A. Schneeberger, United States of America

Albert Einstein College of Medicine Psychiatry
PD Dr. Andres R. Schneeberger is a US and Switzerland board certified psychiatrist with an interest in social psychiatry, posttraumatic stress disorder, aggression, violence and the effects of coercive measures. He is also the psychiatrist-in-chief of the Psychiatric Services Grisons, a psychiatric inpatient and outpatient network located in the southeastern part of Switzerland. He graduated from medical school at the University of Basel, Switzerland. PD Dr. Andres R. Schneeberger completed his psychiatry residency and an administrative fellowship as a senior chief resident at Montefiore Medical Center in the Bronx. Andres R. Schneeberger is an active researcher focusing on mental health service research, global mental health issues, posttraumatic stress disorder and the effects of coercive measures on people with severe mental illness. He is also on the review editorial board for Frontiers in Psychiatry and has reviews articles for several renown academic journals. Dr. Andres R. Schneeberger has received the award for outstanding medical student educator from the Leo M.Davidoff Society of the Albert Einstein College of Medicine of Yeshiva University and the poster award for best presentation at the International Society for the Study of Trauma and Dissociation. He continues to have an affiliation at AECOM as assistant clinical professor and as a lecturer at the University of Zurich, where he received his habilitation in 2019.

Moderator Of 1 Session

Mental Health Policy
Date
Mon, 12.04.2021
Session Time
17:30 - 19:00
Room
Channel 6
Session Description
The Live Q&A of this session will take place in the Live Sessions auditorium. Please refer to the interactive programme for the exact time and channel.

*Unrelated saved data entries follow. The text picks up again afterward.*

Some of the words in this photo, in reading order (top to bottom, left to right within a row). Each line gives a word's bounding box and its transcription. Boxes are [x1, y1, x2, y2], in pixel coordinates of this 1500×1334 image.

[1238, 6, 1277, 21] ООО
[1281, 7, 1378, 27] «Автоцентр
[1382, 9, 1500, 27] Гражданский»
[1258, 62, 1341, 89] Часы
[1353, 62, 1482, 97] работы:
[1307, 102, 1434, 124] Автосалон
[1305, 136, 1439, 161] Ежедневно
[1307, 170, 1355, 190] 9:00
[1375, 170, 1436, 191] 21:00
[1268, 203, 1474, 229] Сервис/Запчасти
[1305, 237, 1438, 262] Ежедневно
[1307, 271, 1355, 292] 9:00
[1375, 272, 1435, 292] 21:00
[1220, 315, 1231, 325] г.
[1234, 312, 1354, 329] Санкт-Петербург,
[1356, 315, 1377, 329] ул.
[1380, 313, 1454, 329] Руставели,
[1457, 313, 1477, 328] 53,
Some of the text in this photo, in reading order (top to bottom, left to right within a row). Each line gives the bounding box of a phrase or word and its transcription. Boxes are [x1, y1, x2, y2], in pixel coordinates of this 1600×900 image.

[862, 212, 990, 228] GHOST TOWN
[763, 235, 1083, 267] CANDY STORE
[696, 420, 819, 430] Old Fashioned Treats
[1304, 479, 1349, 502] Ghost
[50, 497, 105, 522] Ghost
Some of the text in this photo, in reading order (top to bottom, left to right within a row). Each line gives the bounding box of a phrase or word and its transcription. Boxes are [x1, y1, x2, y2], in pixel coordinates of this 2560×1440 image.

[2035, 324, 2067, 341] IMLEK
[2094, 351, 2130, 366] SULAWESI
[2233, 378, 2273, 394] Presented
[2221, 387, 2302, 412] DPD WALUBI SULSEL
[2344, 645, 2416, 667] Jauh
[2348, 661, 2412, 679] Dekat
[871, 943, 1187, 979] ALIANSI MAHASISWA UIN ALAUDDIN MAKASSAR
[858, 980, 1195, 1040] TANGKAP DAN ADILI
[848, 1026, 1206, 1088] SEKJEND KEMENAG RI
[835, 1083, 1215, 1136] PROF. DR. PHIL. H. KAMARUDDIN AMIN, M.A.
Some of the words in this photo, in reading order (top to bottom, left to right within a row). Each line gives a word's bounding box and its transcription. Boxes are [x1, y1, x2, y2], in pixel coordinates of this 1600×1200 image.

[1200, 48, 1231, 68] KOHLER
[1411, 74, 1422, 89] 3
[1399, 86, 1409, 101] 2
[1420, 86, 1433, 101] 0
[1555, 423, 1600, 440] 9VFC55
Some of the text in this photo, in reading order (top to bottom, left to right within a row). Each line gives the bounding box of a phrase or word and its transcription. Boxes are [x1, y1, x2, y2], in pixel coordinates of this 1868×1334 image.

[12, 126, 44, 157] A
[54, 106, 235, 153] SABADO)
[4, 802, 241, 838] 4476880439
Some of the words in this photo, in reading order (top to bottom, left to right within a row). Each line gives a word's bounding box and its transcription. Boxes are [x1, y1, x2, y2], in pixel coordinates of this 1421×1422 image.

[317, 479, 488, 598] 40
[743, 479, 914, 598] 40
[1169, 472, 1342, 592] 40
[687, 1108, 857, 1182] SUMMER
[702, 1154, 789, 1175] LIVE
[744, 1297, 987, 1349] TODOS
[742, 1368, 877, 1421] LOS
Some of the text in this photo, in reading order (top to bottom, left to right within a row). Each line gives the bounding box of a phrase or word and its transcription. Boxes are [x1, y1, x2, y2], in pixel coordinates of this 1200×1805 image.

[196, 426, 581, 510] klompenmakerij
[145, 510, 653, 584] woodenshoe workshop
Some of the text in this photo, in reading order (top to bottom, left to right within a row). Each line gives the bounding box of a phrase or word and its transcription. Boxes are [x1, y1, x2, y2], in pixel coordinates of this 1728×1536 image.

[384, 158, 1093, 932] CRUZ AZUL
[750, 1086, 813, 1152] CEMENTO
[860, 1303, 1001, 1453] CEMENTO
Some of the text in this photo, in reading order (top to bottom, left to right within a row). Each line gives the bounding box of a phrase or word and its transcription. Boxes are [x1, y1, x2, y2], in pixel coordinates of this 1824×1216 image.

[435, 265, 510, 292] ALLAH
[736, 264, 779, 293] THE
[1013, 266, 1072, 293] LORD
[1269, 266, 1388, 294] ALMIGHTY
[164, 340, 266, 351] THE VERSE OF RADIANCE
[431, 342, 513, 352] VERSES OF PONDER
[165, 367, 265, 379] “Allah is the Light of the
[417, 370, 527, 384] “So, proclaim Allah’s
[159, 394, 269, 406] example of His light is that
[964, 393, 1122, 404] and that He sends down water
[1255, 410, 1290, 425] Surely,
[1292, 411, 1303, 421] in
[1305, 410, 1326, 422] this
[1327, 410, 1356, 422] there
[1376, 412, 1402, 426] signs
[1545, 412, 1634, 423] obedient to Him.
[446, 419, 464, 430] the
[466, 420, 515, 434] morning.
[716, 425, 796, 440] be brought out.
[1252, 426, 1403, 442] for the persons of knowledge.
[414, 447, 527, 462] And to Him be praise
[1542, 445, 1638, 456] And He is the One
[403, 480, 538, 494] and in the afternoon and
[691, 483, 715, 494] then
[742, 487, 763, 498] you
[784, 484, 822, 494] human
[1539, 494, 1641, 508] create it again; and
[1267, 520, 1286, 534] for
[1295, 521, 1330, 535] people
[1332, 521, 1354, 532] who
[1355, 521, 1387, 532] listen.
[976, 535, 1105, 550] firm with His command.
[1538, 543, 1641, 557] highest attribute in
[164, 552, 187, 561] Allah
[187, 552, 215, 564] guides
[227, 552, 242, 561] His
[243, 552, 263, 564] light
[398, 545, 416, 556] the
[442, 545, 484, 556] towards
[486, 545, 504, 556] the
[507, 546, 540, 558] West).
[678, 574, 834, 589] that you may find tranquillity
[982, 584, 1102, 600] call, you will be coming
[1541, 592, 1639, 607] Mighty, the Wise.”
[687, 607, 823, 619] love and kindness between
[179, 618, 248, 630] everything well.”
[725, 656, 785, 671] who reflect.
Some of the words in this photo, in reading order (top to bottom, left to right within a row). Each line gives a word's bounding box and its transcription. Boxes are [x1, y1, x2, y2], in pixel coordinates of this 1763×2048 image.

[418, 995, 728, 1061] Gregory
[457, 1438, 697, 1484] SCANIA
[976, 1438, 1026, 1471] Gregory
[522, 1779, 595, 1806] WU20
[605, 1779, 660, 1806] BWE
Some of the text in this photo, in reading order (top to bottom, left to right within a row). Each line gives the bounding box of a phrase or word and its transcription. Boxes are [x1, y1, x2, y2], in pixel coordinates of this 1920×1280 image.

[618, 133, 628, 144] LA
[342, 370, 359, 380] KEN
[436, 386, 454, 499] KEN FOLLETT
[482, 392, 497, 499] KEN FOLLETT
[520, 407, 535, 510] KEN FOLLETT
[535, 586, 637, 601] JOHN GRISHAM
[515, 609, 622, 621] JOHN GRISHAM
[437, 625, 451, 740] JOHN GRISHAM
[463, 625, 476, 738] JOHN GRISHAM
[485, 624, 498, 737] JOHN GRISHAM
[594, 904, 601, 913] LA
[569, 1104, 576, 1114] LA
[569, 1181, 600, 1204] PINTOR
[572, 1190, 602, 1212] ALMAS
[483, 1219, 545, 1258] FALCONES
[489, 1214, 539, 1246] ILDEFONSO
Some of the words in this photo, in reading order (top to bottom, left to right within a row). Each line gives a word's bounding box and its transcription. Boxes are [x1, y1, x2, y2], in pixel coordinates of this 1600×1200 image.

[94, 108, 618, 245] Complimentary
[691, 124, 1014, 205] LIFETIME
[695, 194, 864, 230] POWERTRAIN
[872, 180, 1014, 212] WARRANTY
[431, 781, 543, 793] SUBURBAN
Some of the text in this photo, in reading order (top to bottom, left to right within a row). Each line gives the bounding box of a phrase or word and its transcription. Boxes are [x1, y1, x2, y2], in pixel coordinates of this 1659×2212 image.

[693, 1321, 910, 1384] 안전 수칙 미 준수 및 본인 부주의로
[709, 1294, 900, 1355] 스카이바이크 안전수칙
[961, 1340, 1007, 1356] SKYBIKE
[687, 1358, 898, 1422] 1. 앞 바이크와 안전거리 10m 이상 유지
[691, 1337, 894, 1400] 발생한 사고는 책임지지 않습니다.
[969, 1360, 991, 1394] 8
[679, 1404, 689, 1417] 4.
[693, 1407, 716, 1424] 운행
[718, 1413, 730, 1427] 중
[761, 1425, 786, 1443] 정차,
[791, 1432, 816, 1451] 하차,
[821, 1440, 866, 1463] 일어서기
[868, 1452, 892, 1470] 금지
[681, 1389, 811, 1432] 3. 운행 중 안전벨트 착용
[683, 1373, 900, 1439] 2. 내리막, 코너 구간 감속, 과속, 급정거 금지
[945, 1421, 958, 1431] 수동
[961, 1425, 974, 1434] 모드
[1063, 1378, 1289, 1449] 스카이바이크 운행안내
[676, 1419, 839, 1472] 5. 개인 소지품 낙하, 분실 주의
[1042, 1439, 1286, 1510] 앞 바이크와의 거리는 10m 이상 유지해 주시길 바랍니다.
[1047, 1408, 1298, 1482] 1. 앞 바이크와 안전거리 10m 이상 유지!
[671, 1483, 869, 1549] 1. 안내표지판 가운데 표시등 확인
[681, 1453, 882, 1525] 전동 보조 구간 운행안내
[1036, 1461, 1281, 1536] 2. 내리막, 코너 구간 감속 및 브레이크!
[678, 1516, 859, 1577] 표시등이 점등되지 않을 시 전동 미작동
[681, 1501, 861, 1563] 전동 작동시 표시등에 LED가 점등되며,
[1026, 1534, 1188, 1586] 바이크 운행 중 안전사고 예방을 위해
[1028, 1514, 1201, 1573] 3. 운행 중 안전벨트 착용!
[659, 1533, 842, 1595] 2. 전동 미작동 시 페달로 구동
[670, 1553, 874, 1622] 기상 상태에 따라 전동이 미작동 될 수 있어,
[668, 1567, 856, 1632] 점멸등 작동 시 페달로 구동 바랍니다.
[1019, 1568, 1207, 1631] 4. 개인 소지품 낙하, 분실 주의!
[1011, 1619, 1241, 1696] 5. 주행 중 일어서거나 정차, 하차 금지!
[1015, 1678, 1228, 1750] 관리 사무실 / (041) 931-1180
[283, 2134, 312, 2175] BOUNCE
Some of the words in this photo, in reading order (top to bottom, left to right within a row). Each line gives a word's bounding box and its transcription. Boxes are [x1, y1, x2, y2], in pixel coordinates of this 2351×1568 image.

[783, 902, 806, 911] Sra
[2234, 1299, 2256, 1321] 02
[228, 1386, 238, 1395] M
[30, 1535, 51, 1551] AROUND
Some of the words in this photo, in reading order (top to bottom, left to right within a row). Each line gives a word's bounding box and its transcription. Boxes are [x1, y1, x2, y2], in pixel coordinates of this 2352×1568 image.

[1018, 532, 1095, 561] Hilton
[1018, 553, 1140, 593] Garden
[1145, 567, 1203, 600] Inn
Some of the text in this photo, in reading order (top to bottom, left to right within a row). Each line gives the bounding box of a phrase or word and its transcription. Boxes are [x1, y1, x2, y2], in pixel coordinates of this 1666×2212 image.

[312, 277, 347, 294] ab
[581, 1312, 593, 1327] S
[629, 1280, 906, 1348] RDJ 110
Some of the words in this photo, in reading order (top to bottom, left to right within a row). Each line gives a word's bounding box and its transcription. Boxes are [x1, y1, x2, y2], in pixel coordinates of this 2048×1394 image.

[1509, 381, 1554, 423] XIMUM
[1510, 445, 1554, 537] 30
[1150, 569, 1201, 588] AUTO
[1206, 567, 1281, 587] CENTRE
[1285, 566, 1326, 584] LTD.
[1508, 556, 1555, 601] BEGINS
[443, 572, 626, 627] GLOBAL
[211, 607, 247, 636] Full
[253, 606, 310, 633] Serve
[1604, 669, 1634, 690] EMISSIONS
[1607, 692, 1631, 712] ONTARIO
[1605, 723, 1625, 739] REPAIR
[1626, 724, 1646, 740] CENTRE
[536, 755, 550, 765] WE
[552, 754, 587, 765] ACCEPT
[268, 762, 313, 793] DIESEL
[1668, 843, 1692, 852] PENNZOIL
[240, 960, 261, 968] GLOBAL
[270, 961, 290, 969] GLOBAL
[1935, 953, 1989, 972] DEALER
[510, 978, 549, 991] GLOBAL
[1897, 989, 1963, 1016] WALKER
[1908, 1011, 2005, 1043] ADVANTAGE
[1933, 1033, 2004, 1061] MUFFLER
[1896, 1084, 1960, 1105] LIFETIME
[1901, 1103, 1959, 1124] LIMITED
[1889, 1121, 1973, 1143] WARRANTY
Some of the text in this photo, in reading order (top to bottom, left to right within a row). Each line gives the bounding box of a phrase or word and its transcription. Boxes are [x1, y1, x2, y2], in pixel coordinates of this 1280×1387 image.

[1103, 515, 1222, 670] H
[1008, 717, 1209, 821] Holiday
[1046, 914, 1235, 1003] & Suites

Recently, the discussion on physician aid-in-dying (PAD) extended to the context of mental disorders. Supporters of that view mainly argue based on patient autonomy. In Switzerland the Swiss Academy of Medical Sciences (SAMW) updated their recommendation, replacing the requirement of terminality with the criteria of unbearable suffering. This would allow people suffering from mental illness to access PAD. However, the Swiss Medical Association (FMH) decided not to adopt this recommendation and to restrict PAD to cases of terminal illness. In Germany, in 2020 the Federal Constitutional Court ruled that the right to self-determined death, including the freedom to seek assistance for suicide, if available, is a civil right. The implications of these decisions for legislation and practice on PAD in general and mental disorders in particular are not fully conceivable yet. The discourse about defining severe suffering and terminal illness in psychiatry is complex and challenges legal, ethical and professional positions on both an individual and a collective level. Suffering is a necessary but insufficient condition for PAD in psychiatry, the other criteria being decision-making capacity and refractoriness of the suffering. Additionally it has to be taken into account that suffering is a subjective experience that can only be quantified by the patient. The symposium aims to focus on the discussion of conditions under which severe mental illness might lead to such a pronounced and unbearable state of suffering, with no prospect of therapeutic improvement that - after a conscientious assessment - PAD can be considered.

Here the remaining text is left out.